#### Task
Please write out every record exactly, but keep any images out of it.

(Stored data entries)
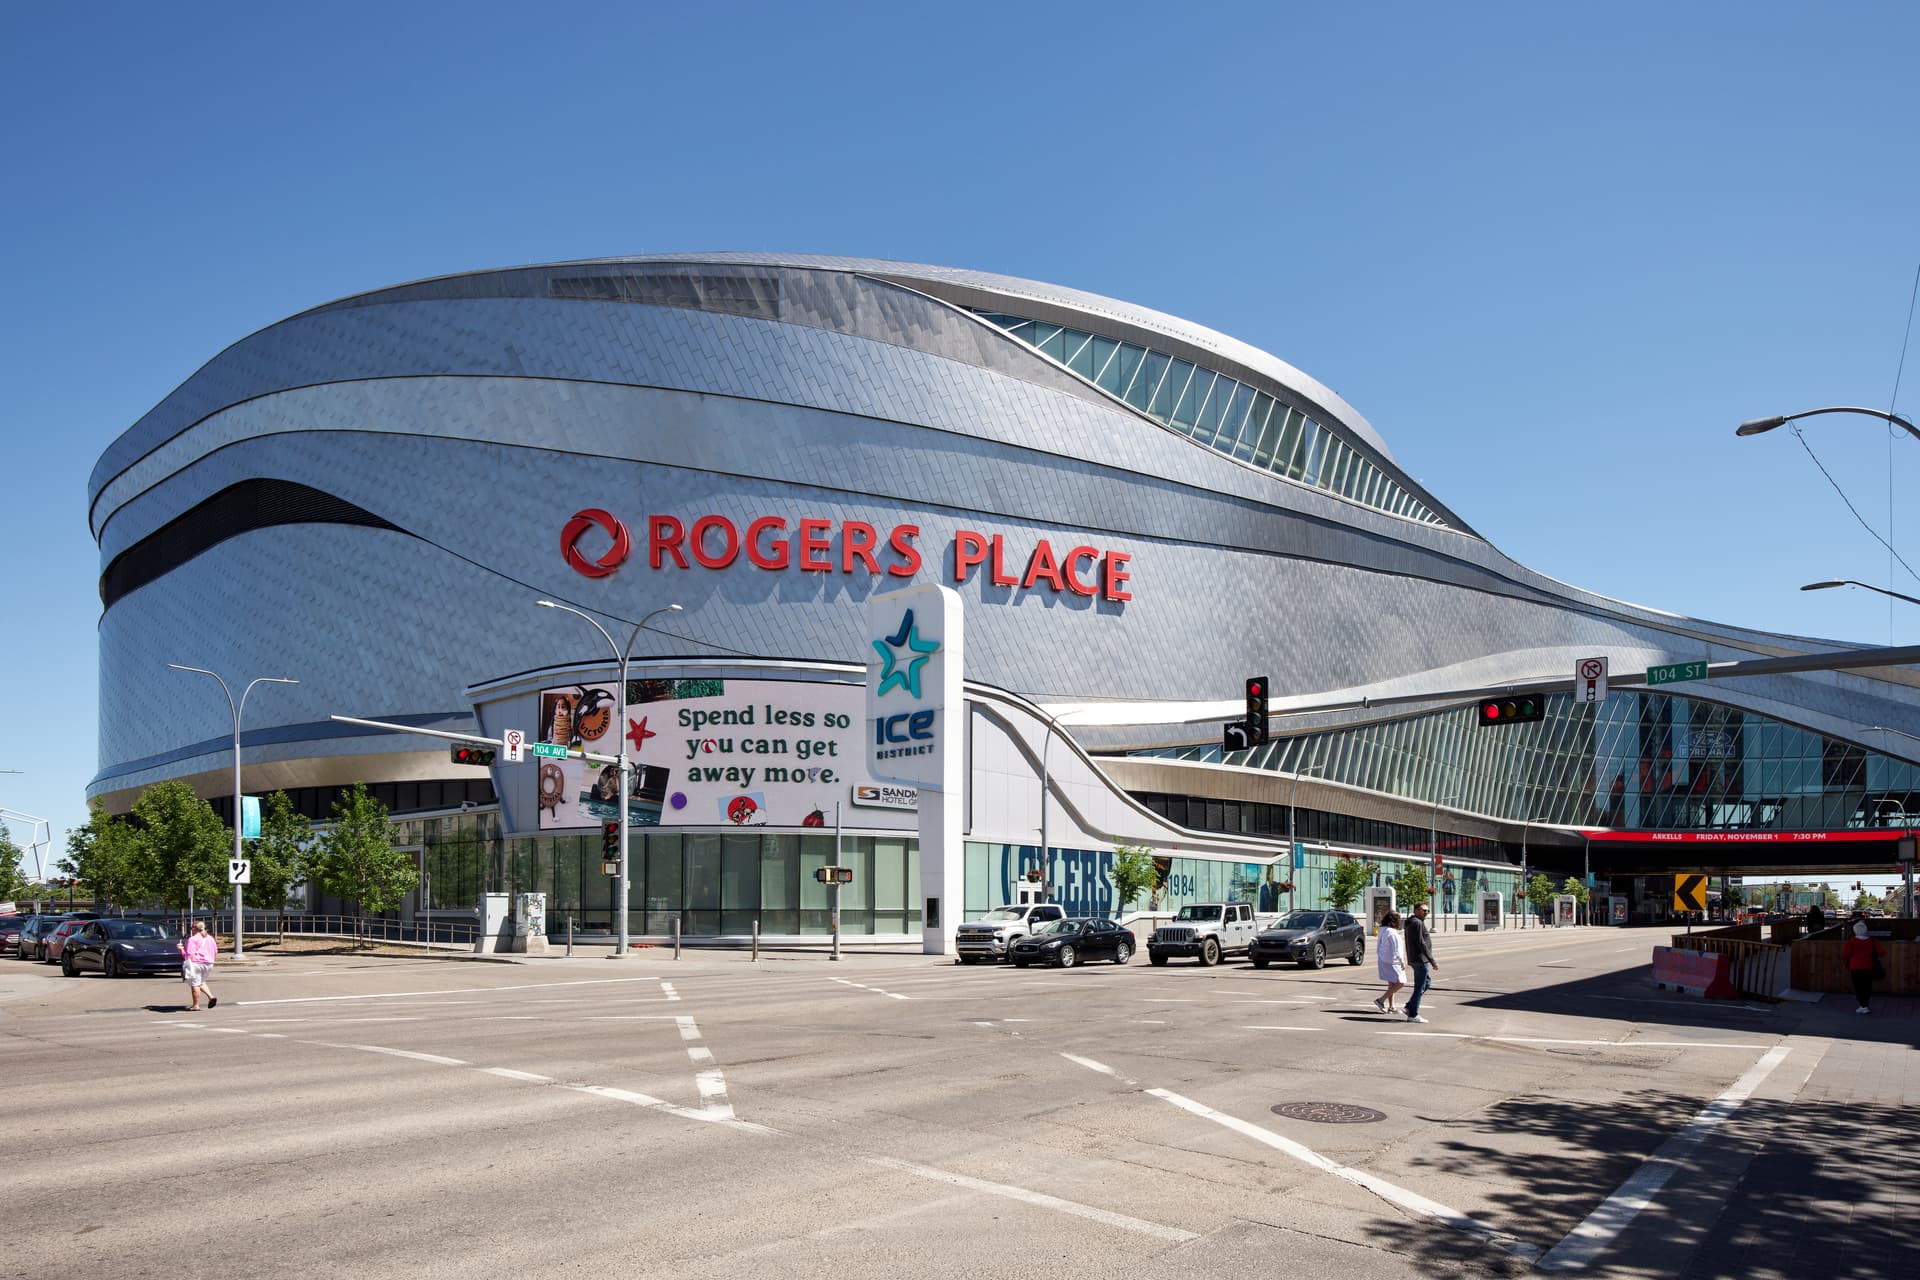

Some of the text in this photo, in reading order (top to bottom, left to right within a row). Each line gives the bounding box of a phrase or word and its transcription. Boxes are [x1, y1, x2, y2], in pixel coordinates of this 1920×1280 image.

[648, 515, 1132, 602] ROGERS PLACE
[1652, 665, 1701, 681] 104 ST
[678, 704, 851, 731] Spend less so
[535, 745, 567, 757] 104 AVE
[741, 737, 788, 754] can
[796, 738, 838, 760] get
[876, 744, 935, 760] DISTRICT
[688, 766, 756, 788] away
[881, 796, 908, 805] HOTEL
[1696, 833, 1726, 842] FRIDAY,
[1169, 874, 1194, 897] 1984
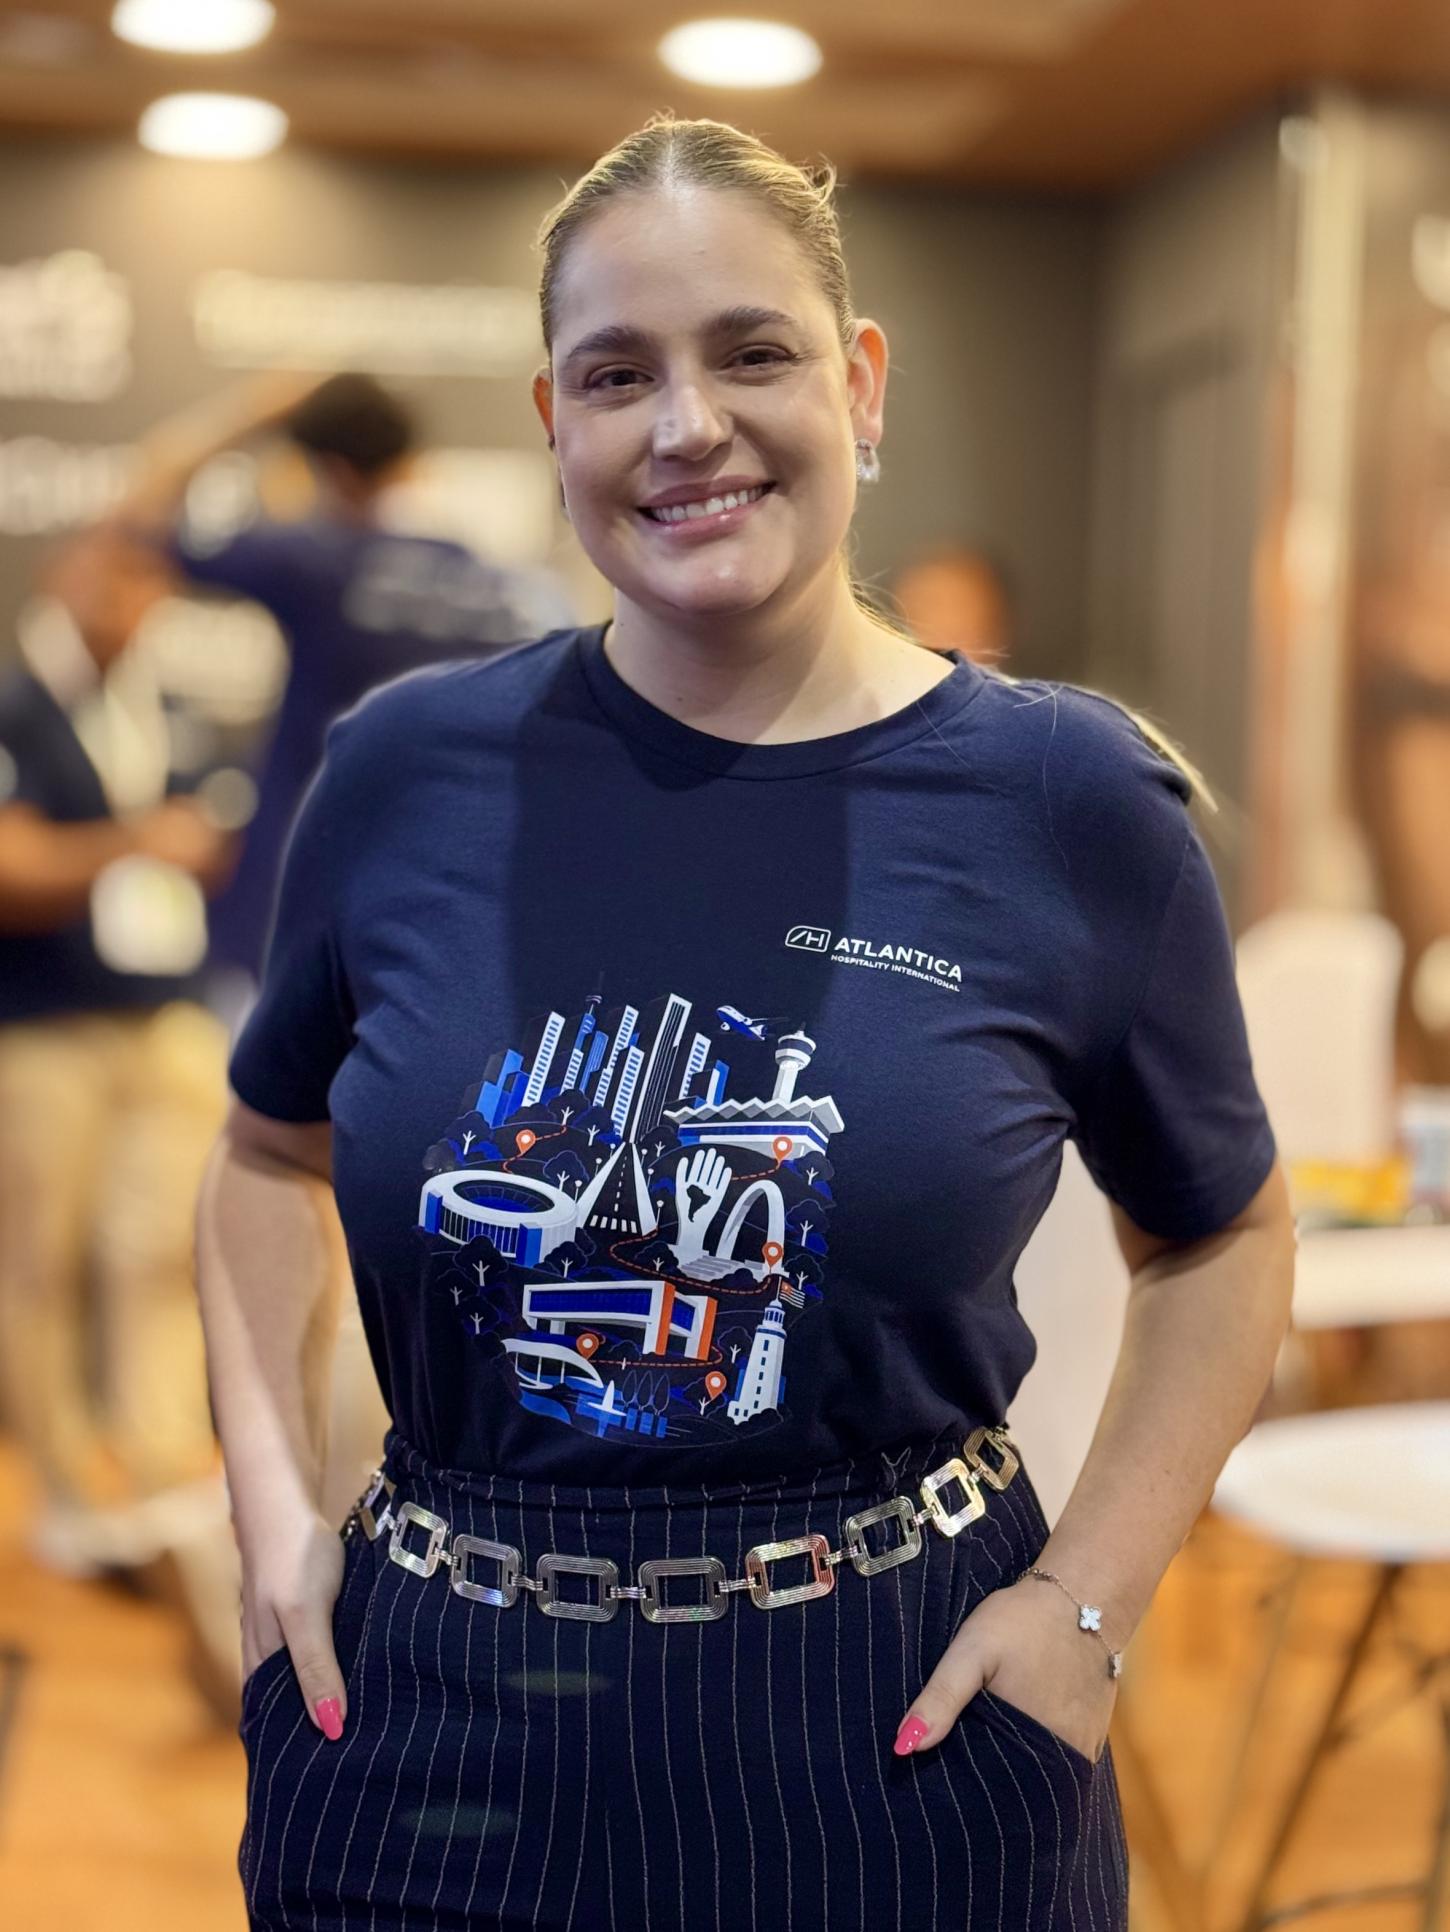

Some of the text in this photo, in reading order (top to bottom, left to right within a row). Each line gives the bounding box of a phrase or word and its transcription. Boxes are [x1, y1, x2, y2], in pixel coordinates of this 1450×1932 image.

[831, 954, 960, 992] HOSPITALITY INTERNATIONAL
[834, 937, 962, 982] ATLANTICA
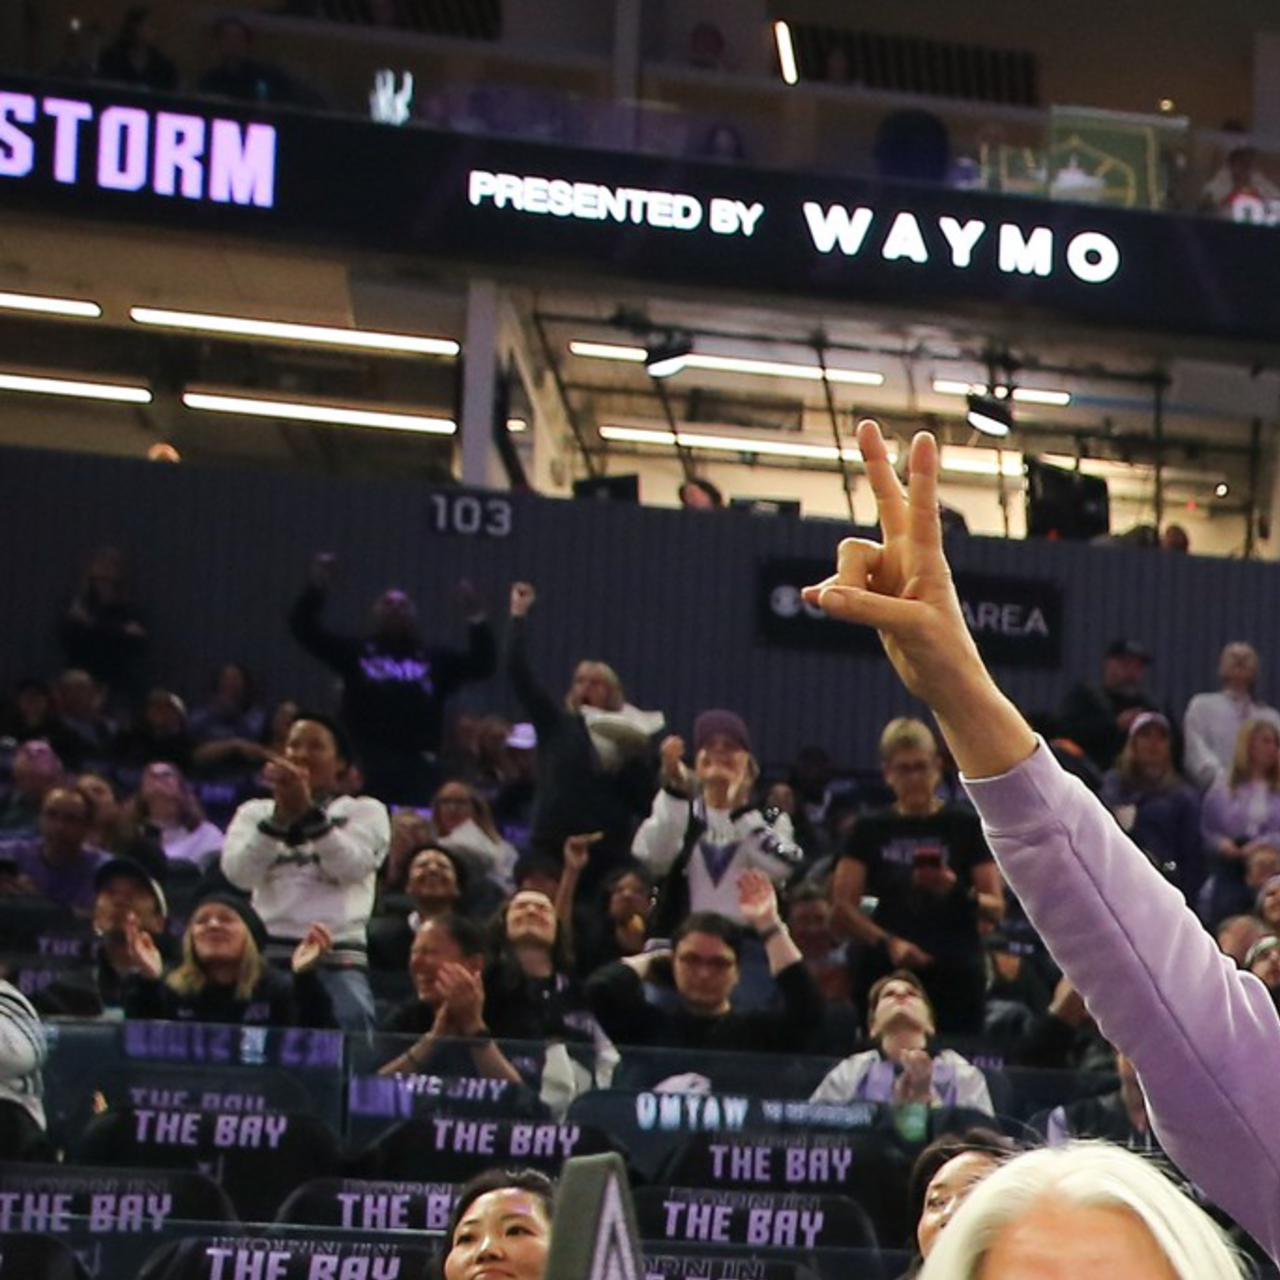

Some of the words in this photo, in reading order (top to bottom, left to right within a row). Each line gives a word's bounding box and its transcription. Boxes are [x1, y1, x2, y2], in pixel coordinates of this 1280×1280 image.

[0, 91, 276, 209] STORM
[468, 169, 702, 232] PRESENTED
[710, 197, 764, 236] BY
[804, 202, 1120, 284] WAYMO
[430, 493, 513, 538] 103
[134, 1109, 202, 1145] THE
[214, 1114, 288, 1148] BAY
[433, 1118, 498, 1154] THE
[510, 1123, 581, 1156] BAY
[709, 1145, 771, 1180] THE
[786, 1147, 852, 1182] BAY
[0, 1192, 73, 1232] THE
[90, 1194, 173, 1232] BAY
[337, 1193, 411, 1229] THE
[664, 1202, 732, 1241] THE
[747, 1208, 825, 1248] BAY

#### Task solution
Some of the text in this photo, in reading order (top to bottom, left to right within a row). Each line gives the bounding box of a phrase or word and its transcription. Boxes are [x1, y1, x2, y2], in pixel coordinates of this 1920×1280 image.

[648, 515, 1132, 602] ROGERS PLACE
[1652, 665, 1701, 681] 104 ST
[678, 704, 851, 731] Spend less so
[535, 745, 567, 757] 104 AVE
[741, 737, 788, 754] can
[796, 738, 838, 760] get
[876, 744, 935, 760] DISTRICT
[688, 766, 756, 788] away
[881, 796, 908, 805] HOTEL
[1696, 833, 1726, 842] FRIDAY,
[1169, 874, 1194, 897] 1984

Some of the text in this photo, in reading order (top to bottom, left to right within a row). Each line gives the bounding box of a phrase or word and its transcription. Boxes are [x1, y1, x2, y2], in pixel coordinates of this 1450×1932 image.

[831, 954, 960, 992] HOSPITALITY INTERNATIONAL
[834, 937, 962, 982] ATLANTICA

Some of the words in this photo, in reading order (top to bottom, left to right within a row). Each line gives a word's bounding box and its transcription. Boxes are [x1, y1, x2, y2], in pixel coordinates of this 1280×1280 image.

[0, 91, 276, 209] STORM
[468, 169, 702, 232] PRESENTED
[710, 197, 764, 236] BY
[804, 202, 1120, 284] WAYMO
[430, 493, 513, 538] 103
[134, 1109, 202, 1145] THE
[214, 1114, 288, 1148] BAY
[433, 1118, 498, 1154] THE
[510, 1123, 581, 1156] BAY
[709, 1145, 771, 1180] THE
[786, 1147, 852, 1182] BAY
[0, 1192, 73, 1232] THE
[90, 1194, 173, 1232] BAY
[337, 1193, 411, 1229] THE
[664, 1202, 732, 1241] THE
[747, 1208, 825, 1248] BAY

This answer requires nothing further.